Repository files navigation

terraform-vault-backend

A Vault backend for Terraform implemented as an HTTP server.

Built using FastAPI.

Installation

Install using Poetry:

poetry install

Usage

1. Running the server

Running it directly

poetry run python -m src

Using a poetry shell

poetry shell
python -m src

This will run the backend with Vault defaults. Please refer to python -m src --help for configuration options.

2. Configuring Terraform backend

Example configuration, assuming of the backend to be hosted at https://example.com:

terraform {
  backend "http" {
    address = "https://example.com/v1/state/<path>" 
    lock_address = "https://example.com/v1/lock/<path>"
    unlock_address = "https://example.com/v1/lock/<path>"
    lock_method = "POST"
    unlock_method = "DELETE"
  }
}

<path> is the path to use within the configured mountpoint.

NOTE: For local testing or an otherwise non-TLS setup, you might need to use skip_cert_verification = true.
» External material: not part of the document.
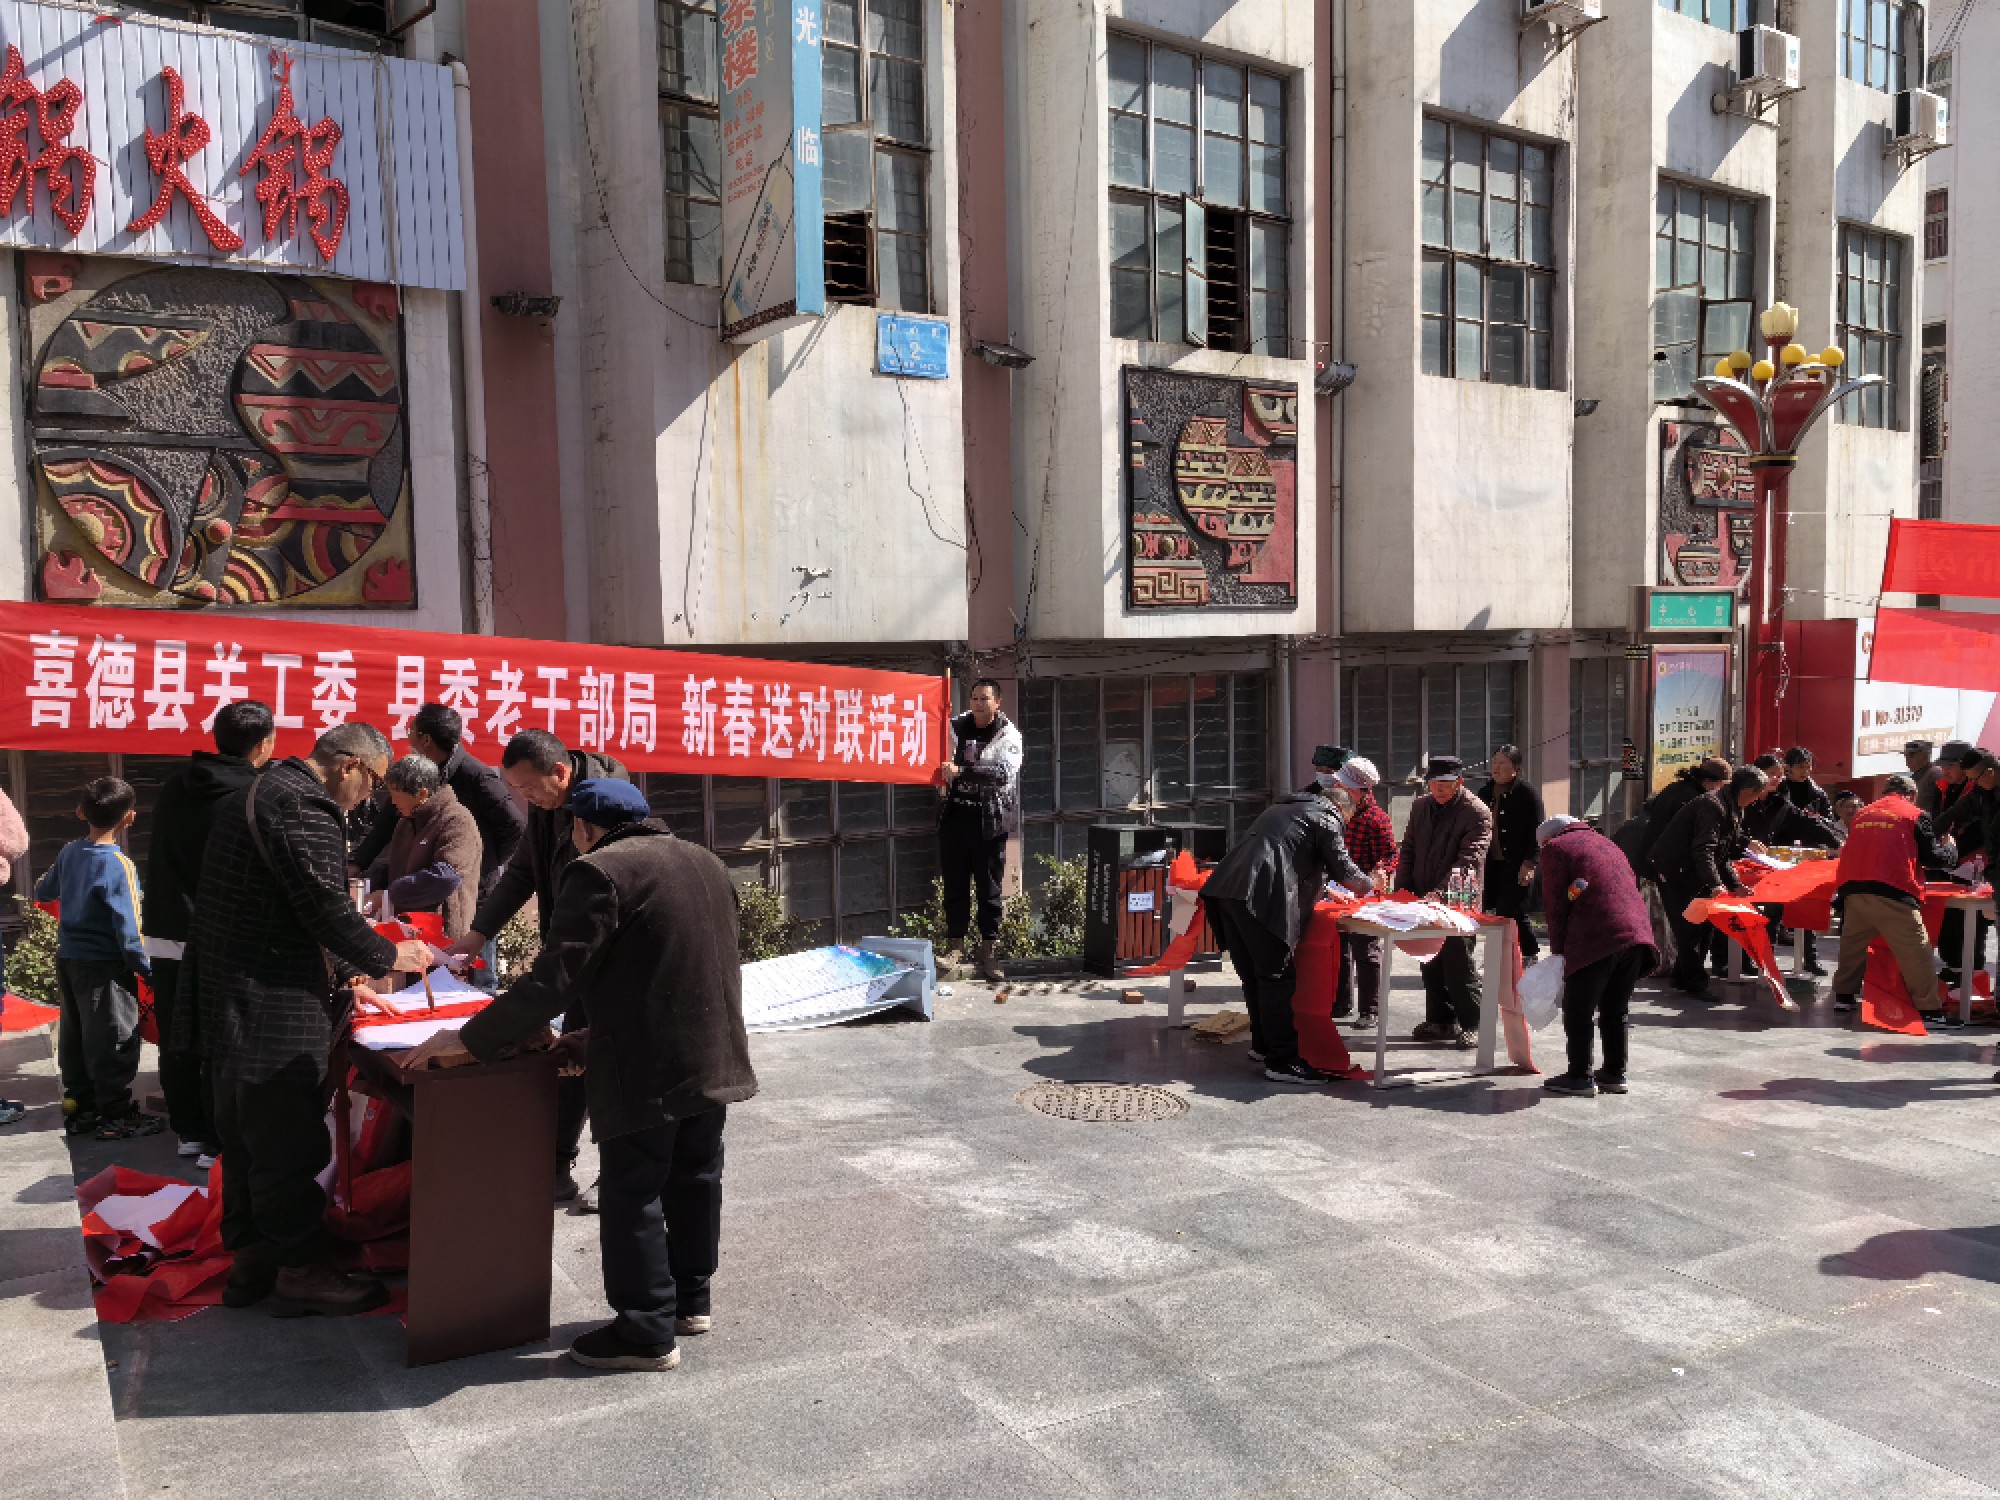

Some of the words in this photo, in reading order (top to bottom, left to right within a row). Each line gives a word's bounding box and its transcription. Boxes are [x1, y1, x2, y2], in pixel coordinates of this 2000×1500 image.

[25, 629, 357, 741] 喜德县关工委
[388, 656, 657, 754] 县委老干部局
[681, 673, 928, 767] 新春送对联活动
Refer to the Terraform documentation for additional options.

3. Running Terraform

To authenticate to the Vault backend, you need to send your VAULT_TOKEN with your Terraform invocations. How do we do this? By passing it through HTTP Basic Auth:

$ export TF_HTTP_USERNAME="${VAULT_TOKEN:?}"
$ terraform apply

More info on Vault authentication can be found at Vault's official documentation.